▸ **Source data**
┌──

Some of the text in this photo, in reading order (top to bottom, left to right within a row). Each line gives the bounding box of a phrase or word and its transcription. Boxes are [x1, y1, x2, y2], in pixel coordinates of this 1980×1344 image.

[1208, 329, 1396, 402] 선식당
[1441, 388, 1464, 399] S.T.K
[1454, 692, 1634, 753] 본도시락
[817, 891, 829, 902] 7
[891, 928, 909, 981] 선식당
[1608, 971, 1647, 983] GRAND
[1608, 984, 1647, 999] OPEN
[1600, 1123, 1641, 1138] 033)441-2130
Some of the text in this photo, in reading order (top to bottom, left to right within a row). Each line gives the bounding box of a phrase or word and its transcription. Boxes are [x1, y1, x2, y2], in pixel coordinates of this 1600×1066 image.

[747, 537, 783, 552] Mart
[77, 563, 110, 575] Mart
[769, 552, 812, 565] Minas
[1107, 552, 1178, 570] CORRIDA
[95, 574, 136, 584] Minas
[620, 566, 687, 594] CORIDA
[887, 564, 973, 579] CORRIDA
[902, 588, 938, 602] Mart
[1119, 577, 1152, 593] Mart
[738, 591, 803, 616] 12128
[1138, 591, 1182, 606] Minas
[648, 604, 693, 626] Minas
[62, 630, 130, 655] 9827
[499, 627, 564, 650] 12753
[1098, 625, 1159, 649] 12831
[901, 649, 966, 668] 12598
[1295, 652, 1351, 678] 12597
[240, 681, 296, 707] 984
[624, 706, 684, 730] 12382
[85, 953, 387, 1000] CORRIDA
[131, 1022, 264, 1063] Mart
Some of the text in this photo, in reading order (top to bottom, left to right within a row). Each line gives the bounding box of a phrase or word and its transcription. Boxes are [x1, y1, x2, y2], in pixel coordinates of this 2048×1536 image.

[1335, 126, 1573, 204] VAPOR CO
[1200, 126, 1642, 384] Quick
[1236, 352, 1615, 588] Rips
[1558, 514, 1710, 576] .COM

└──

▸ **Work request**
Your answer must be the line containing "this 2048×1536 image." through the last line above, copied exactly, with nothing added.

▸ **Answer for this exercise**
Some of the text in this photo, in reading order (top to bottom, left to right within a row). Each line gives the bounding box of a phrase or word and its transcription. Boxes are [x1, y1, x2, y2], in pixel coordinates of this 2048×1536 image.

[1335, 126, 1573, 204] VAPOR CO
[1200, 126, 1642, 384] Quick
[1236, 352, 1615, 588] Rips
[1558, 514, 1710, 576] .COM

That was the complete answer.